What should a digital ticket cost, how do you make great digital experiences for the audience, and who is interested in buying such a ticket?
Those were the questions behind the exciting project we worked on for the Norwegian International Festival of classical music and Theatre, Festspillene i Bergen. They took the leap and became a “hybrid” festival, providing both digital and physical performances. Therefore Festspillene partnered with the Norse company TicketCo which supplies streaming and ticket sales for digital events in Europe.
Together with NPU (Norwegian Audience Development), we were asked to research the commercial market for classical music events and look into the willingness to pay for such events as well as gain an understanding of the audience’s opinion and experience of the digital concert.
We combined substantial market research of paid digital experiences in Scandinavia, Germany, France, the UK, and the US with data from the Norwegian CULTURE MONITOR. Culture Monitor tracked the Norweigains’ cultural habits and relationship with digital culture offers.
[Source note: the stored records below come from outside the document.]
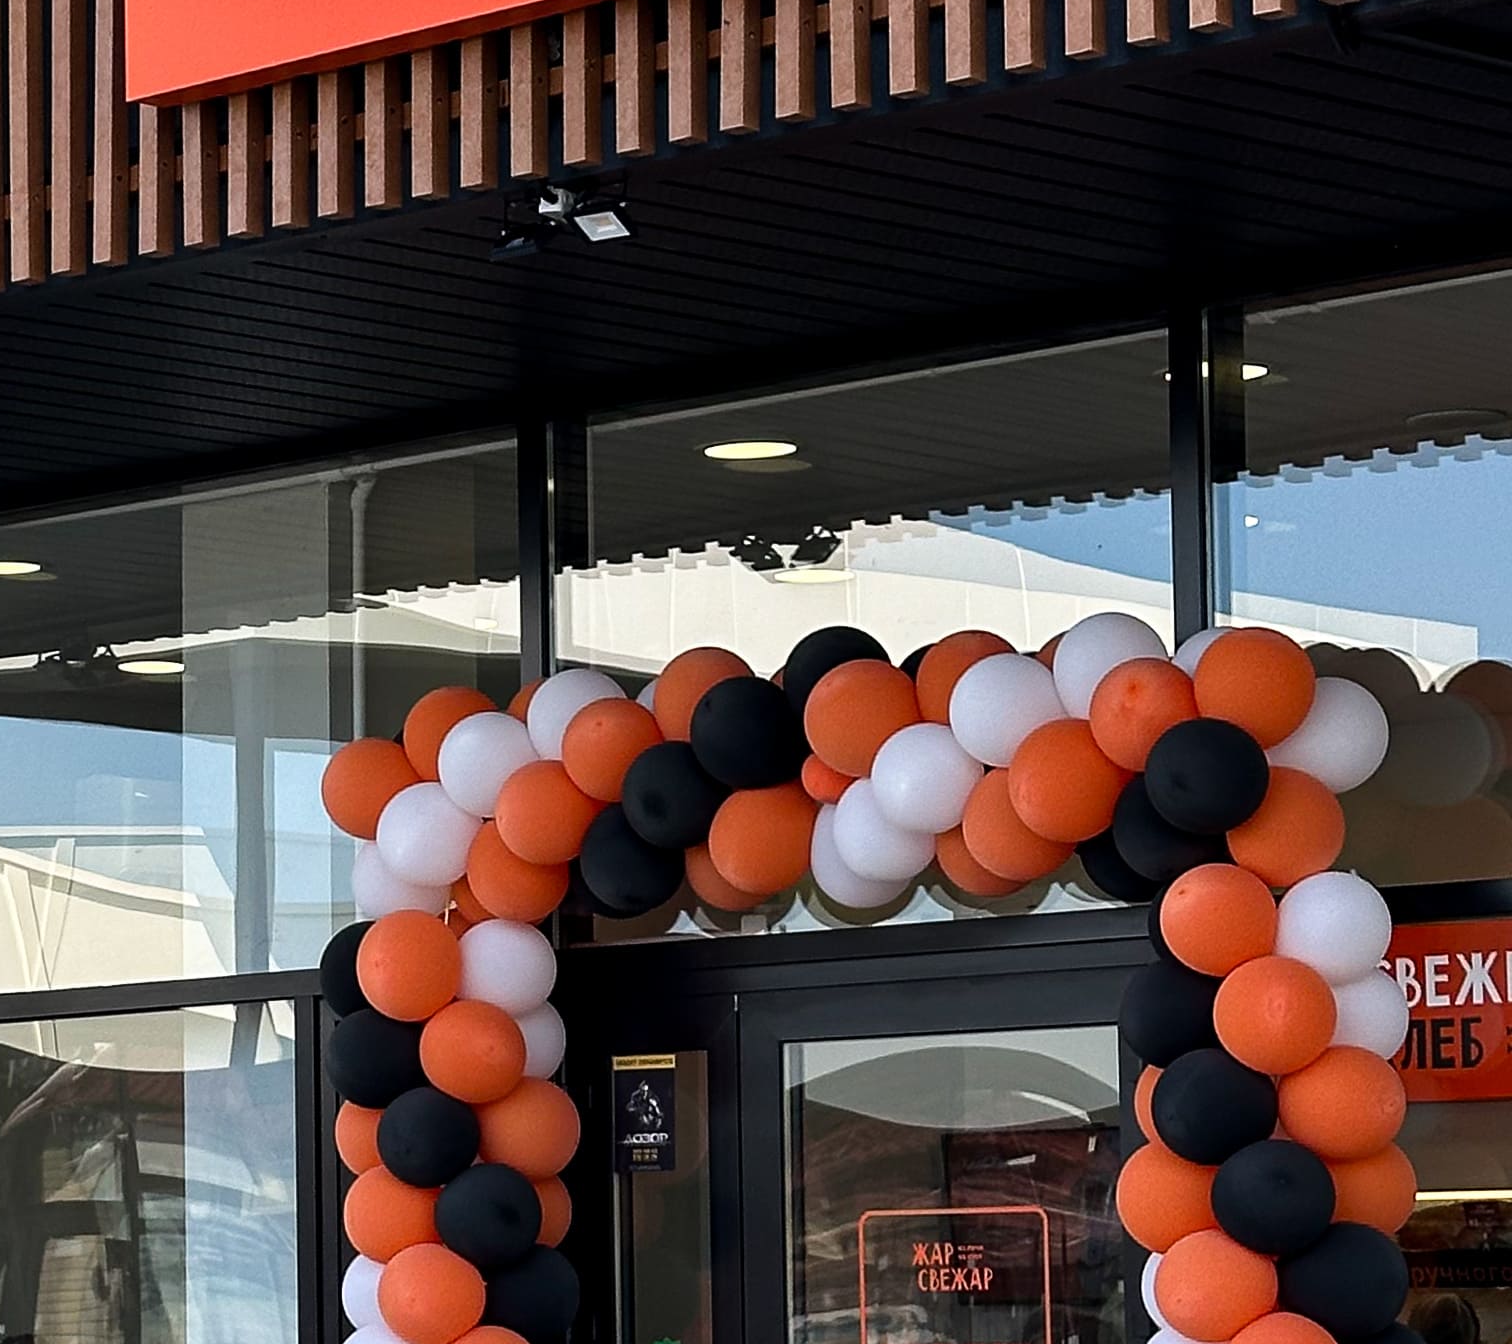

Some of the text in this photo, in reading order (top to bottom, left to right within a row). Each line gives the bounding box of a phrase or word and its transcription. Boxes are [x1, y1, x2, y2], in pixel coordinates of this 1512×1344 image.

[1377, 950, 1512, 1008] ВЕЖ
[1391, 1015, 1484, 1070] ЛЕБ
[912, 1242, 955, 1266] ЖАР
[917, 1266, 994, 1292] СВЕЖАР
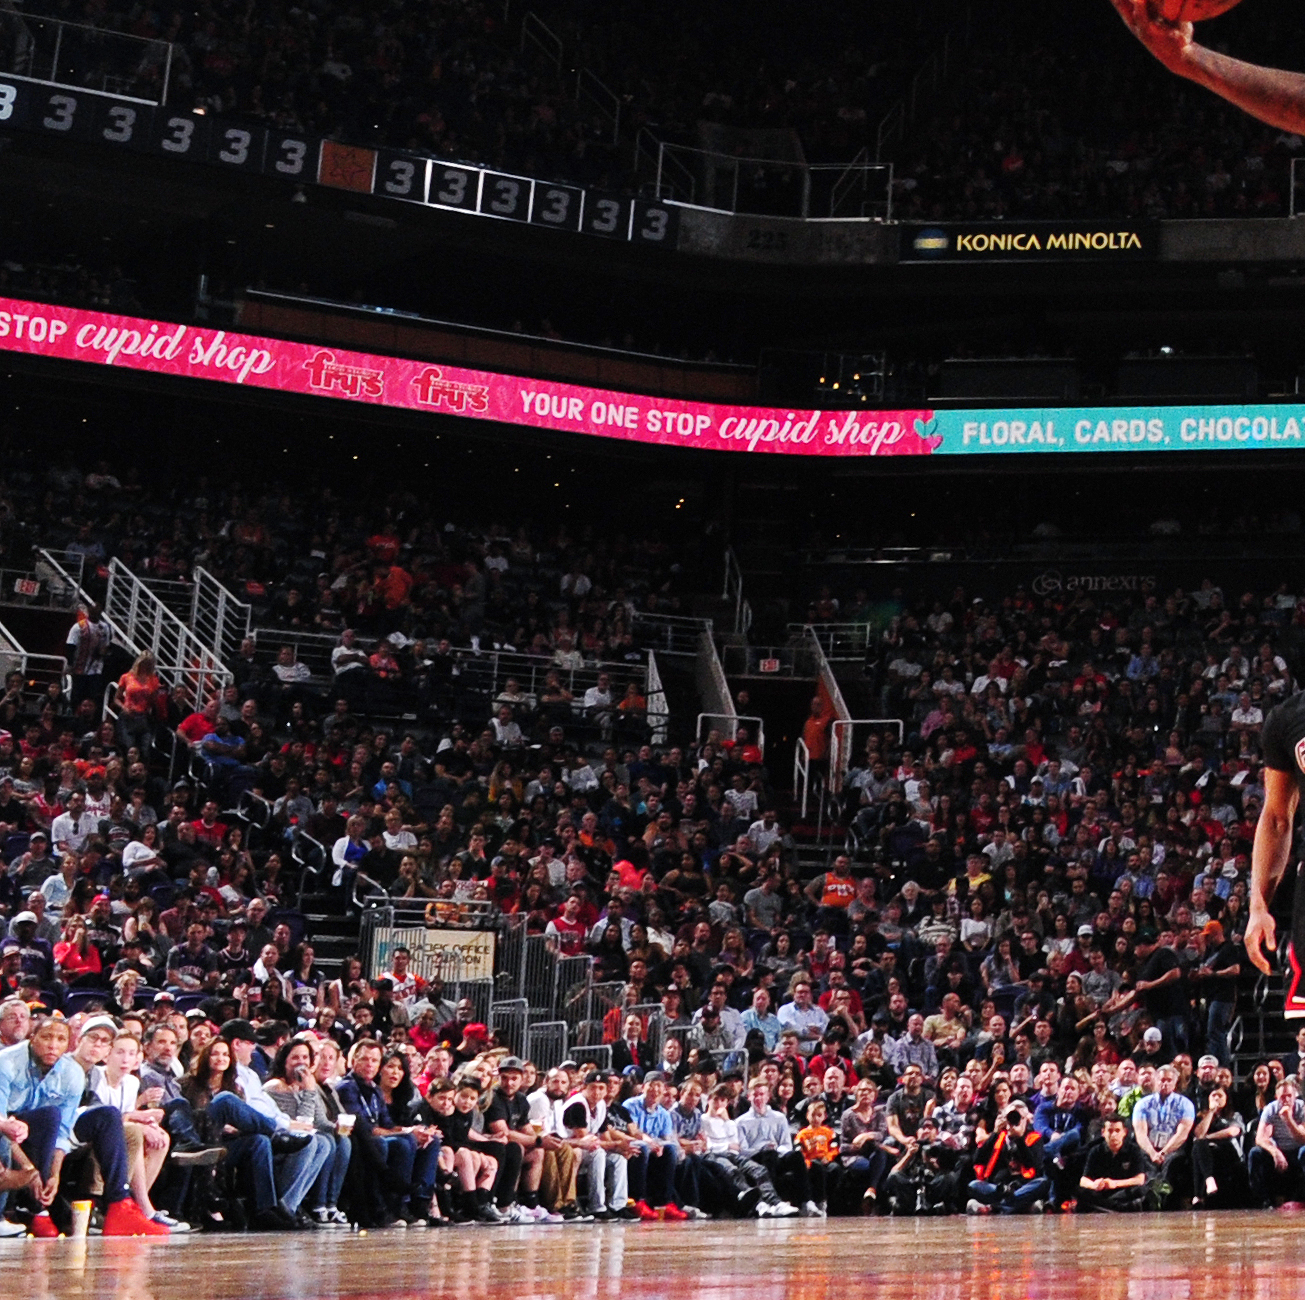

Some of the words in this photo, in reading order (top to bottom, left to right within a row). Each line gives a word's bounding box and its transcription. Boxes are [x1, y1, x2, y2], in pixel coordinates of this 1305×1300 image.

[43, 94, 77, 131] 3
[103, 106, 137, 142] 3
[161, 117, 195, 153] 3
[219, 128, 251, 165] 3
[275, 139, 307, 174] 3
[385, 160, 415, 195] 3
[438, 170, 468, 204] 3
[490, 180, 519, 214] 3
[541, 189, 570, 223] 3
[592, 199, 620, 232] 3
[641, 208, 669, 241] 3
[956, 233, 1043, 252] KONICA
[1046, 231, 1142, 250] MINOLTA
[0, 311, 68, 344] STOP
[76, 324, 188, 365] cupid
[189, 330, 276, 384] shop
[520, 390, 583, 421] YOUR
[591, 401, 639, 430] ONE
[647, 410, 712, 437] STOP
[719, 411, 822, 452] cupid
[825, 411, 906, 456] shop
[962, 420, 1065, 447] FLORAL,
[1074, 418, 1170, 445] CARDS,
[452, 944, 491, 955] OFFICE
RasmussenNordic added to these data through a series of deep-dive interviews focusing on the digital guests’ experiences, journeys, and wishes when they attended FIB online.
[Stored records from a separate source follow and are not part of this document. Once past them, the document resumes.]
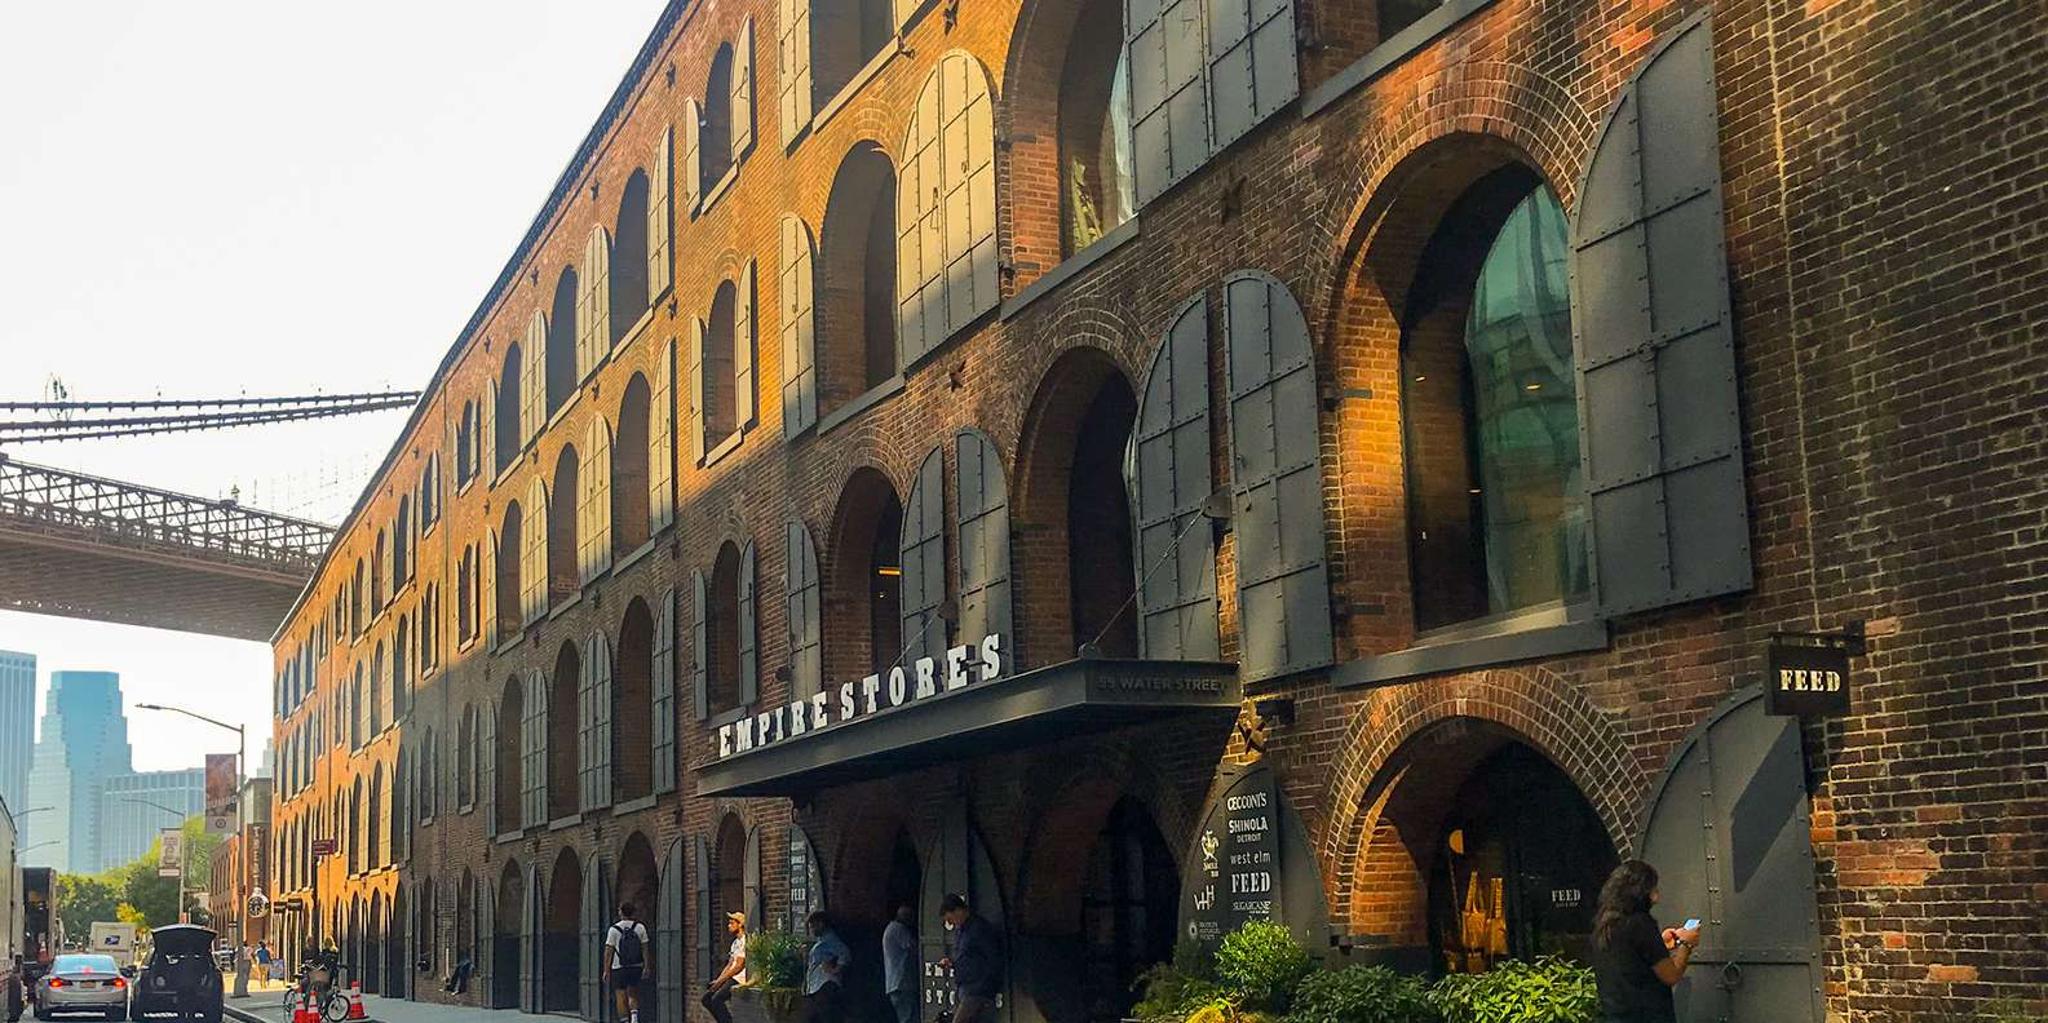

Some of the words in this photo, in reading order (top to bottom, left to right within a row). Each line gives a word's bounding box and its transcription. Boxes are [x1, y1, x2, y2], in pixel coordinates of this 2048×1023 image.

[1119, 676, 1170, 690] WATER
[1175, 678, 1226, 691] STREET
[1779, 669, 1841, 692] FEED
[719, 691, 828, 758] EMPIRE
[840, 633, 1001, 720] STORES
[1228, 816, 1268, 834] SHINOLA
[1236, 833, 1262, 843] DETROIT
[1230, 852, 1252, 865] west
[1254, 850, 1271, 864] elm
[1231, 872, 1271, 893] FEED
[1552, 889, 1581, 901] FEED
The result was a thorough report with a nuanced understanding of the potential digital users, price recommendations based on a comparison with 60 paid digital sites for classical music experiences, along with 8 interview cases with digital audiences, uncovering what did and did not work for them.
We gave a long list of recommendations for FIB and TicketCo on attractive digital formats and price packages for the next festival along with the most obvious audience target groups they can aim for.